To be clear, the kind of pain that Hoenig is talking about involves high unemployment, social instability and potentially years of economic malaise. Hoenig knows this because he has seen it before. He saw it during his long career at the Fed, and he saw it most acutely during the Great Inflation of the 1970s. That episode in history, which bears eerie parallels with the situation today, is the lodestar that ended up guiding so much of Hoenig’s thinking as a Fed official. It explains why he was willing to throw away his reputation as a team player in 2010, why he was willing to go down in history as a crank and why he was willing to accept the scorn of his colleagues and people like Bernanke.
Hoenig voted no because he’d seen firsthand what the consequences were when the Fed got things wrong, and kept money too easy for too long.
The last time America suffered
a long and uncontrolled period of inflation, Thomas Hoenig was given the miserable job of cleaning up the mess it left behind. This was the period that has come to be known as the Great Inflation, a period in the 1970s characterized by long lines at gas stations and price hikes at grocery stores that came so fast price tags were replaced midday. Hoeing came to realize that the institution he worked for, the Federal Reserve, wasn’t just a bystander to this inflation. It had helped create it.

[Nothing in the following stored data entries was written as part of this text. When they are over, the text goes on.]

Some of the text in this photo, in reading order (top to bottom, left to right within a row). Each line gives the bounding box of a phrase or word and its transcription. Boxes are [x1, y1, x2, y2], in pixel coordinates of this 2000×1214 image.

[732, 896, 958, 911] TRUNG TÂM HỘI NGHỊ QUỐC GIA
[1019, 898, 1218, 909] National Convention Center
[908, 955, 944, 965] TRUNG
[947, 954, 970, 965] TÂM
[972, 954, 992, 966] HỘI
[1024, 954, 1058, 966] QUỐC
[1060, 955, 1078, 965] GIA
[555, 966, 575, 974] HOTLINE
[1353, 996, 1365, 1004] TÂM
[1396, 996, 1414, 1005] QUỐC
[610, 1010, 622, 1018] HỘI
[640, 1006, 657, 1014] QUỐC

As a bank examiner, Hoenig spent the 1970s watching as the Fed’s policies helped pile on the inflationary tinder that would later ignite. These policies are known as “easy money” policies, meaning that the Fed was keeping interest rates so low that borrowing was cheap and easy. The Fed had kept interest rates so low during the 1960s that they were effectively negative when accounting for inflation by the late 1970s. When rates are effectively negative, that might be called a super-easy money policy. This kind of environment fuels inflation because all that easy money is looking for a place to go. Economists call this phenomenon “too many dollars chasing too few goods,” meaning that everybody is spending the easy money, which drives up the prices of the things they are buying because demand is high.

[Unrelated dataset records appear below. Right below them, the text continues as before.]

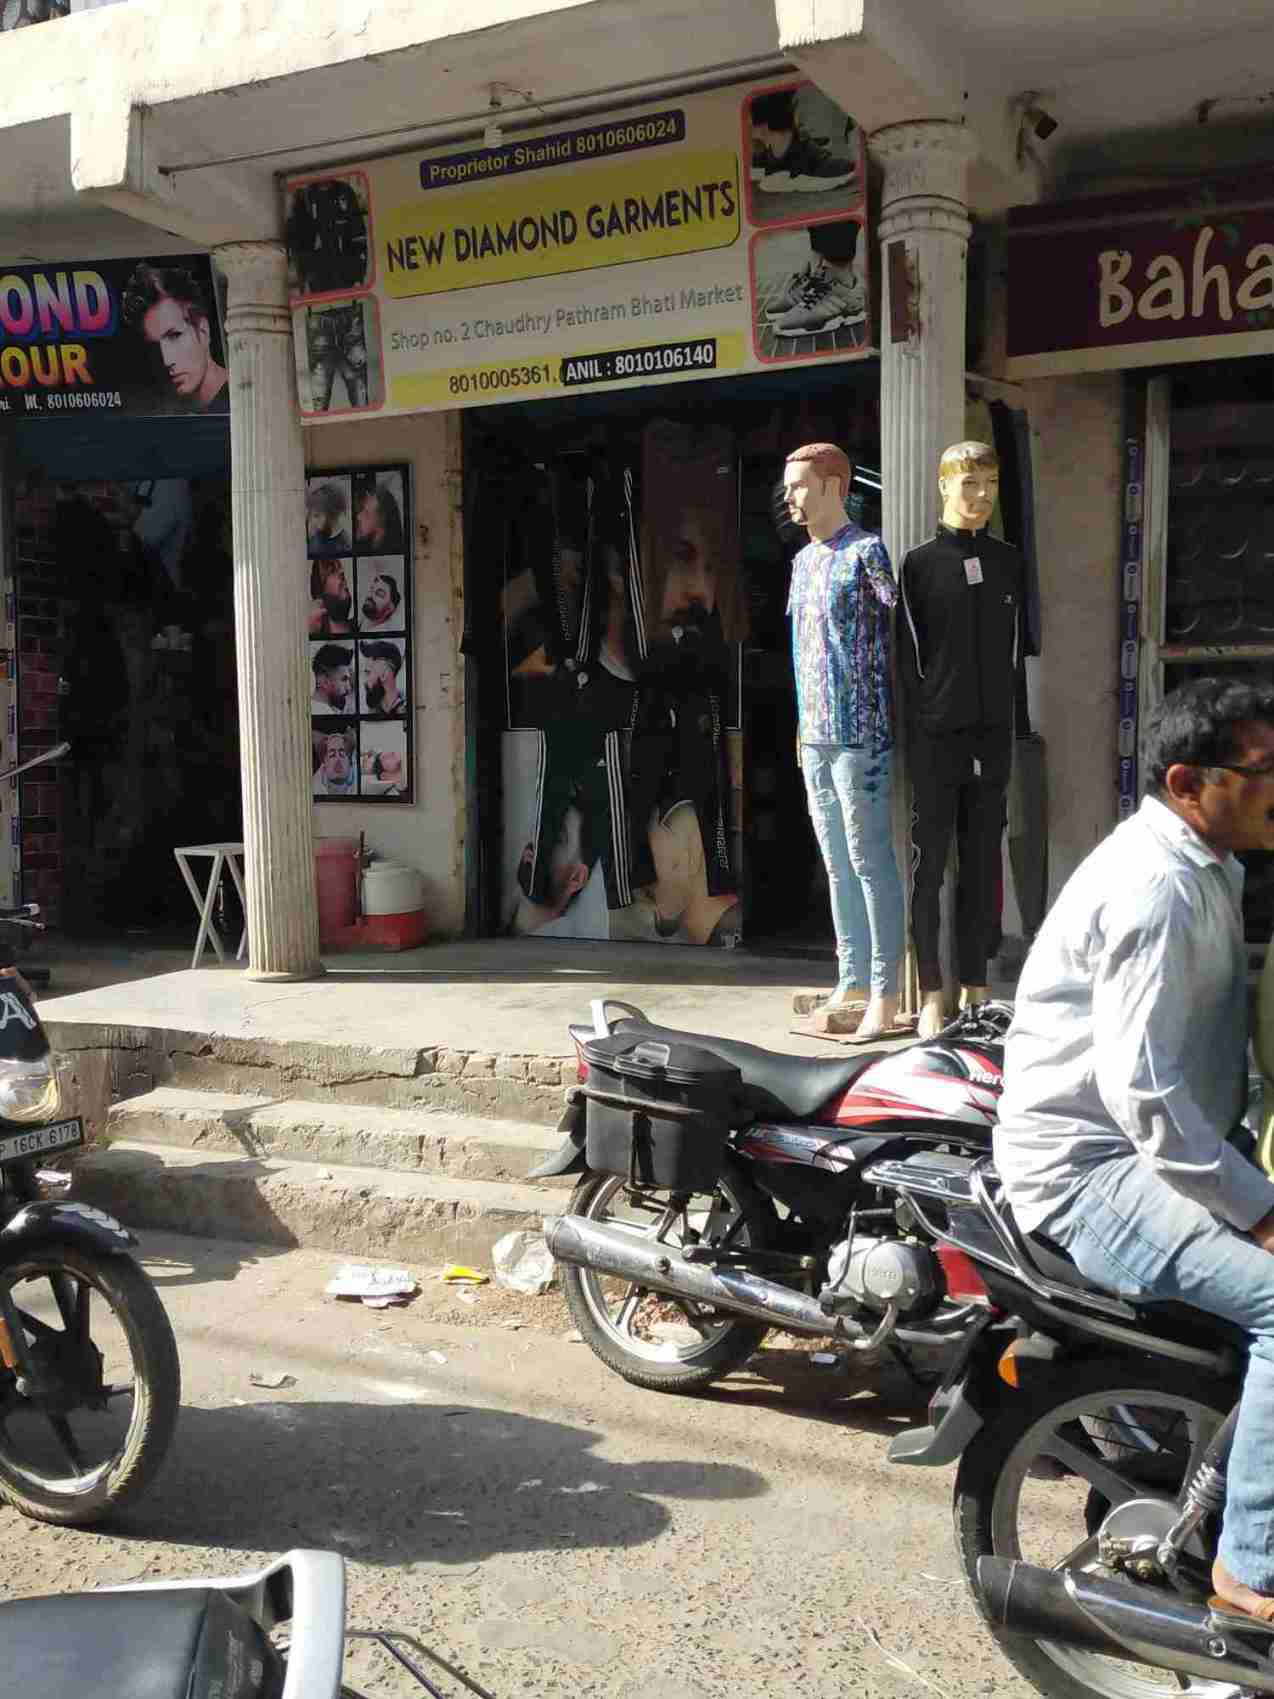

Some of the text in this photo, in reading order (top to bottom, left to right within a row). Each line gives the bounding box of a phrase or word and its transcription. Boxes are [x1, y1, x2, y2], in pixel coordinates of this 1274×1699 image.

[429, 118, 677, 181] Proprietor Shahid 8010606024
[387, 180, 736, 273] NEW DIAMOND GARMENTS
[391, 331, 429, 352] Shop
[434, 329, 457, 345] no.
[461, 323, 471, 341] 2
[473, 312, 552, 339] Chaudhry
[555, 303, 627, 328] Pathram
[679, 283, 744, 310] Market
[0, 344, 92, 386] OUR
[566, 359, 602, 382] ANIL
[614, 342, 714, 374] 8010106140
[47, 391, 121, 409] 8010606024

Importantly, the Fed creates these conditions by creating more and more dollars, or increasing the monetary supply, as the economists say.

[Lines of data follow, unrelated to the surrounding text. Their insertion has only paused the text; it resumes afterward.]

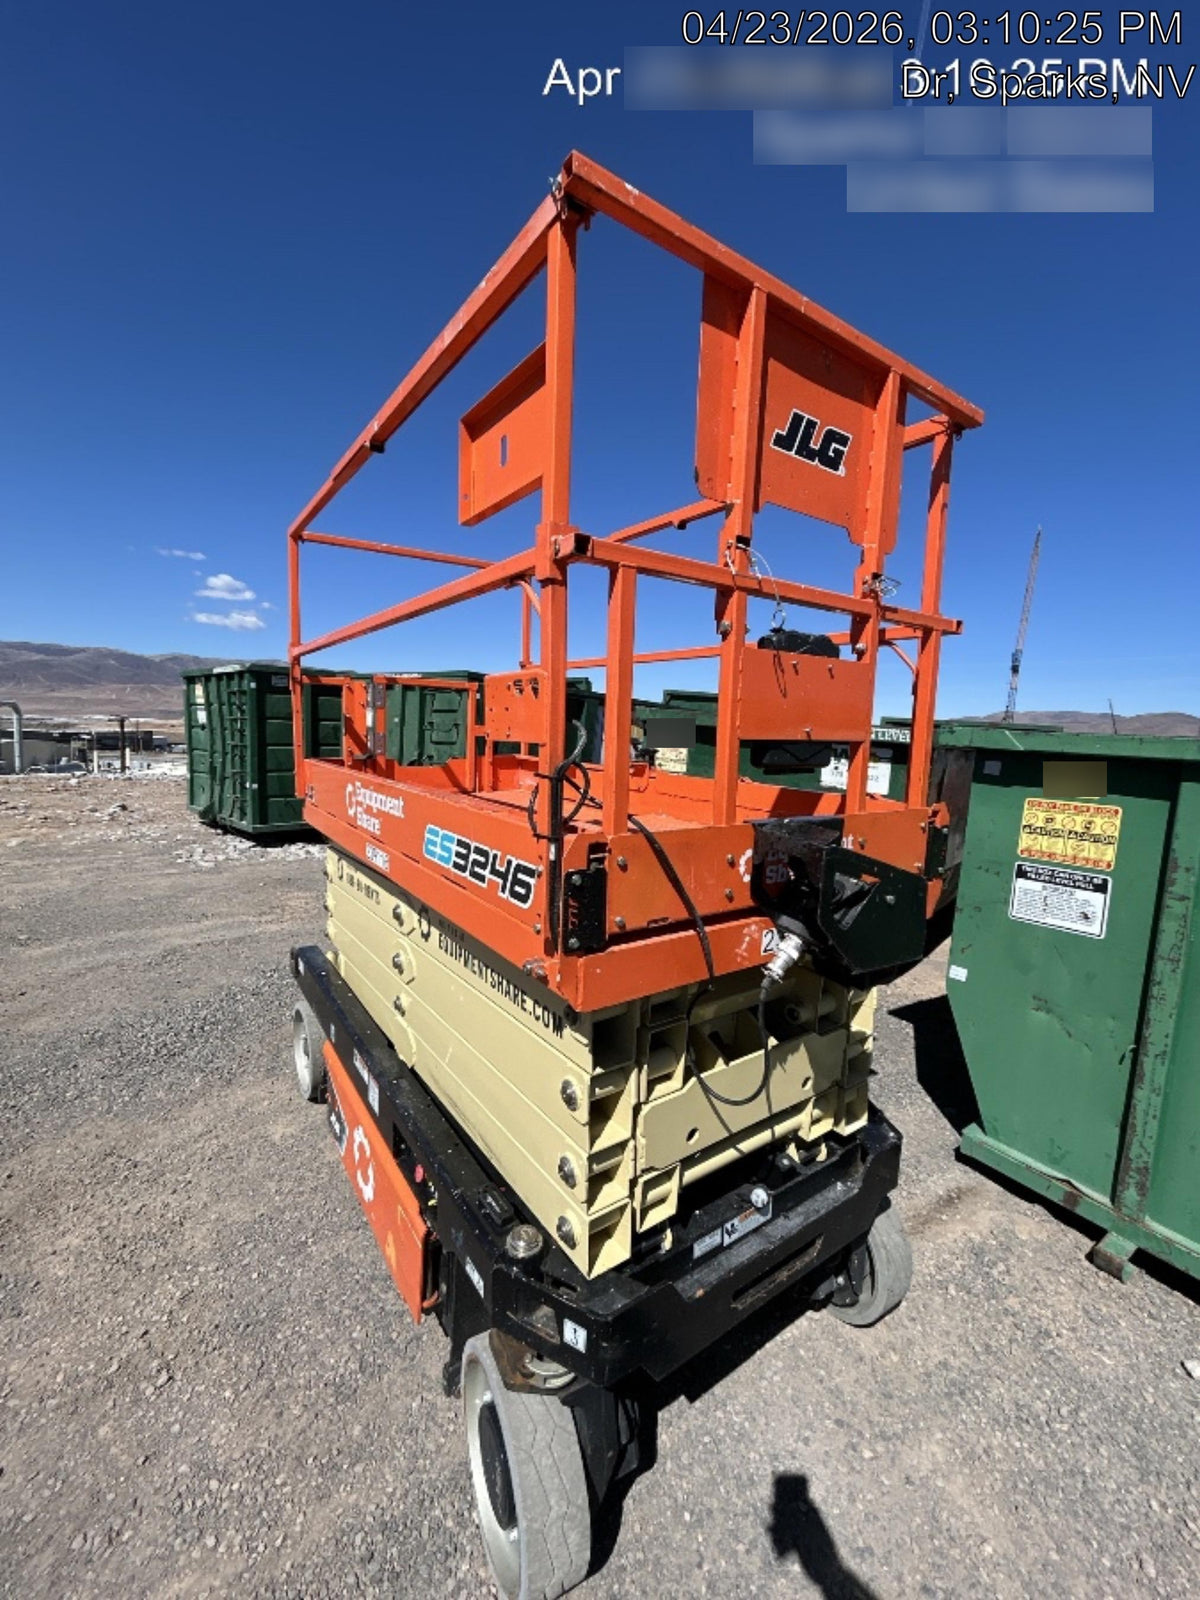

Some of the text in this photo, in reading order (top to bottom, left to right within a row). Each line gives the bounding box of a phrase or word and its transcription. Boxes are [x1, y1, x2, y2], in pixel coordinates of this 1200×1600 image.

[770, 408, 852, 477] JLG
[355, 781, 404, 818] Equipment
[357, 807, 381, 834] Share
[423, 824, 539, 909] ES3246
[438, 932, 563, 1039] EQUIPMENTSHARE.COM

As a bank examiner, Hoenig realized another very important thing. Easy money policies don’t just drive up the price of consumer goods, like bread and cars. The money also drives up price of assets like stocks, bonds and real estate. During the 1970s, low interest rates fueled demand for assets, which eventually inflated asset bubbles across the Midwest, including in heavy farming states, such as Kansas and Nebraska, and in the energy-producing state of Oklahoma. When asset prices like this rise quickly, it creates that dreaded thing called an asset bubble.
The self-reinforcing logic of asset bubbles was painfully evident in farming, and it reflected the dynamics that would later play out in the housing bubble and the over-heated asset markets of 2021.
When the Fed kept interest rates low during the 1970s, it encouraged farmers around Kansas City to take on more cheap debt and buy more land. As cheap loans boosted demand for land, it pushed up land prices — something that might be expected to cool off demand.
But the logic of asset bubbles has the opposite effect. Rising land prices actually enticed more people to borrow money and buy yet more land because the borrowers expected the land value to only increase, producing a handsome payoff down the road. Higher prices led to more borrowing, which led to higher prices and more borrowing still. The wheel continued to spin as long as debt was cheap compared to the expected payoff of rising asset prices.
The bankers’ logic followed a similar path. The bankers saw farmland as collateral on the loans, and they believed the collateral would only rise in value. This gave bankers the confidence to keep extending loans because they believed the farmers would be able to repay them as land prices increased. This is how asset bubbles escalate in a loop that intensifies with each rotation, with the reality of today’s higher asset prices driving the value of tomorrow’s asset prices ever higher, increasing the momentum even further.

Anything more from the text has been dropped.